On Monday afternoon I held my second chess coaching session at the "Board Room" games cafe in Nishi Hiroshima. (I posted a report about the first session here: https://hive.blog/hive-147010/@hirohurl/my-first-chess-coaching-session-in-nishi-hiroshima .)
This time I took one of my favourite chess books, "Zauberwelt Der Kombination" ("Magical World of Combinations"), by the amazing Jackow Neistadt (1923-2023), who served as a Soviet platoon commander in World War Two and was twice wounded in action. After the war he was a master chess player and chess magazine editor. He ended up as the editor of the German language Sportsverlag publishing company through which he published Zuberwelt Der Kombination and many other chess-related books, all in German.
Zauberwelt Der Kombination was a gift to me from my German girlfriend's father way back in 1988. He was a keen club player in Munich back in the day.
My chess student is Japanese and does not speak German, but our host, John, is from Switzerland and fluent in German and French, so I thought it would be fun to work with a German chess book, which is in any case an excellent book for chess training sessions.
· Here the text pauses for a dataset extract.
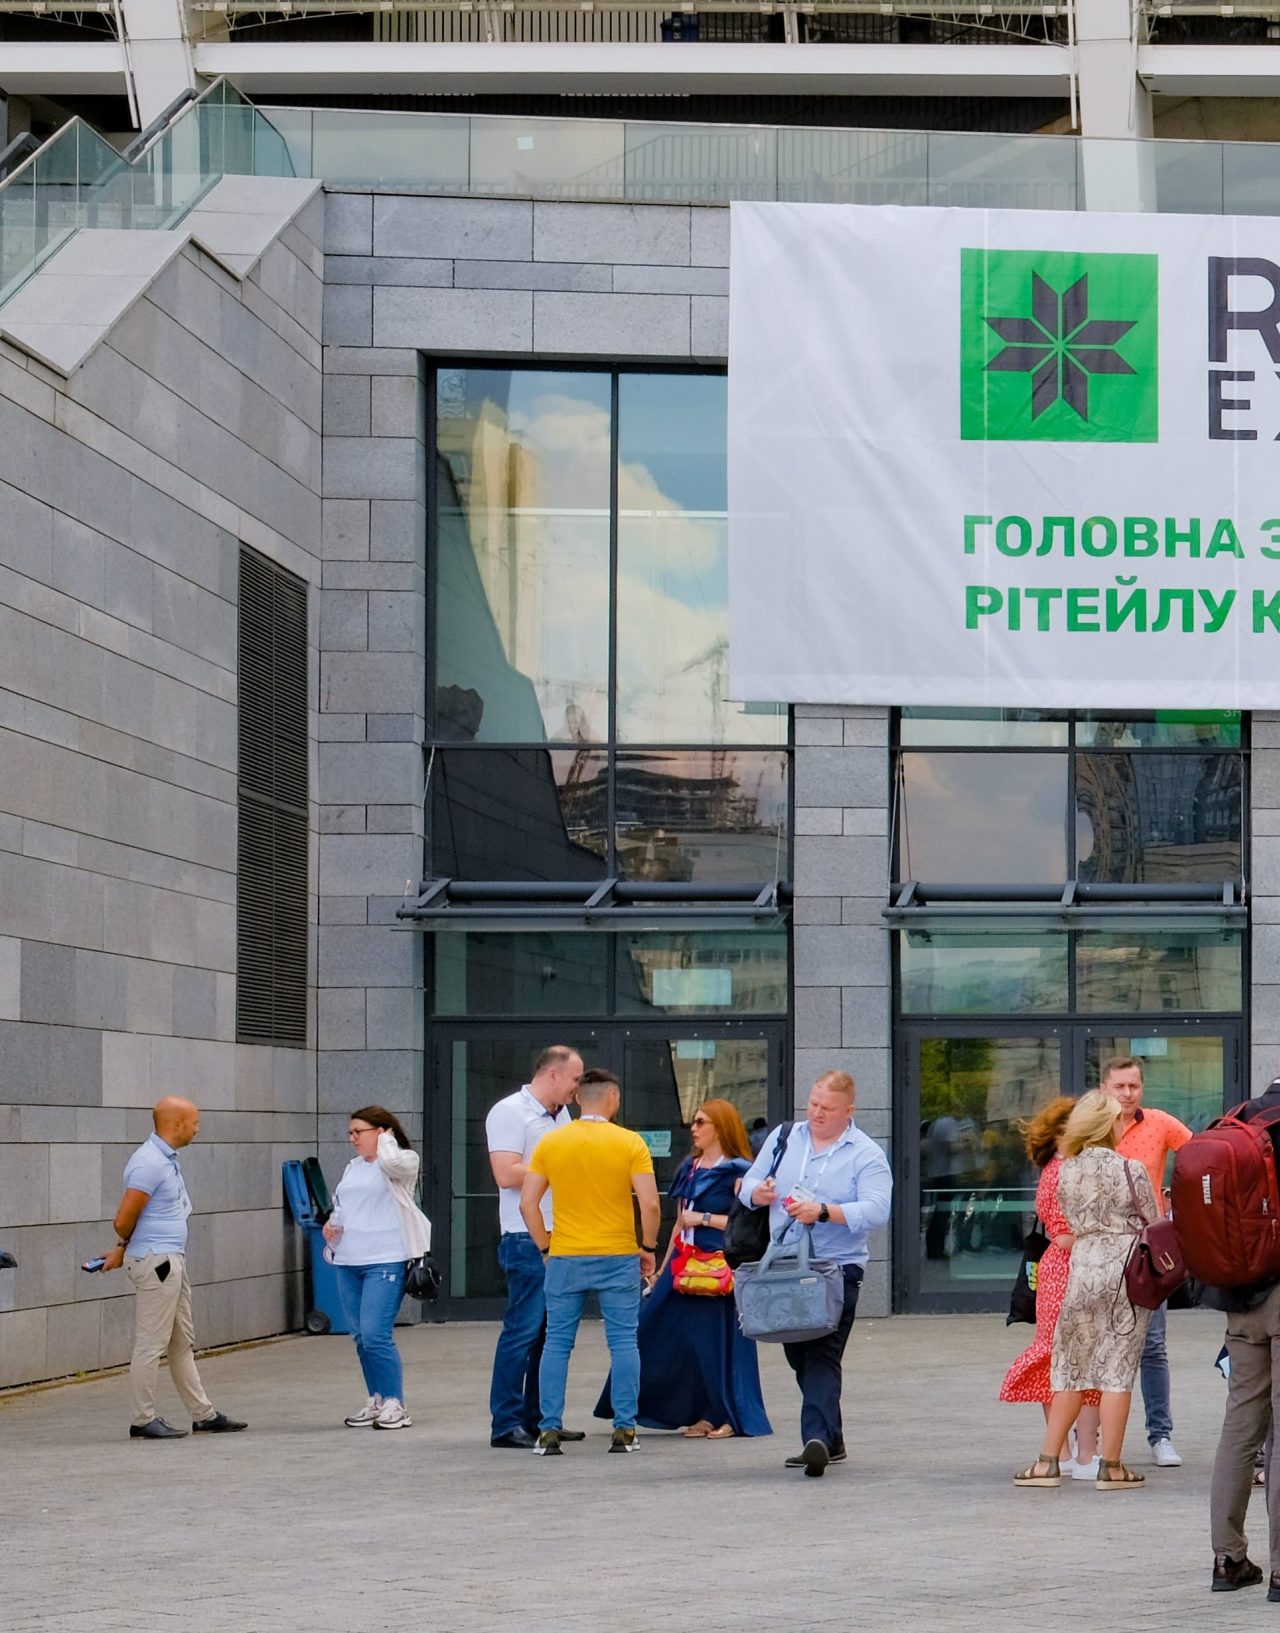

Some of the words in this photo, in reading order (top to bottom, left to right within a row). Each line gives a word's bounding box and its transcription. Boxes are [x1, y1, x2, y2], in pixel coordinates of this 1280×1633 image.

[963, 514, 1245, 560] ГОЛОВНА
[965, 576, 1236, 633] РІТЕЙЛУ
[1202, 1174, 1212, 1205] THULE
Ablenkung: The Art of Distraction
The theme of the training session was "Ablenkung," which can be translated as "deflection" or, as I prefer, "distraction."
The art of distraction in chess is all about inducing your opponent to move a piece away from a crucial square (or row, or rank, or diagonal) so that you can gain an advantage or, as in the two examples that we studied on page 11, win the game.
Of course, there are other ways to distract your oppenent, some of which I deploy in my alter ego guise as the #PubChessBluffer when playing in pubs, bars, and other social venues. These include:
On the board, set up a fake threat that your opponent responds to, thereby weakening his position.
On the board, pretend that your gambit is actually a blunder. Facepalming oneself, resorting to a large swig of beer and talking about your pate being addled today usually does the trick.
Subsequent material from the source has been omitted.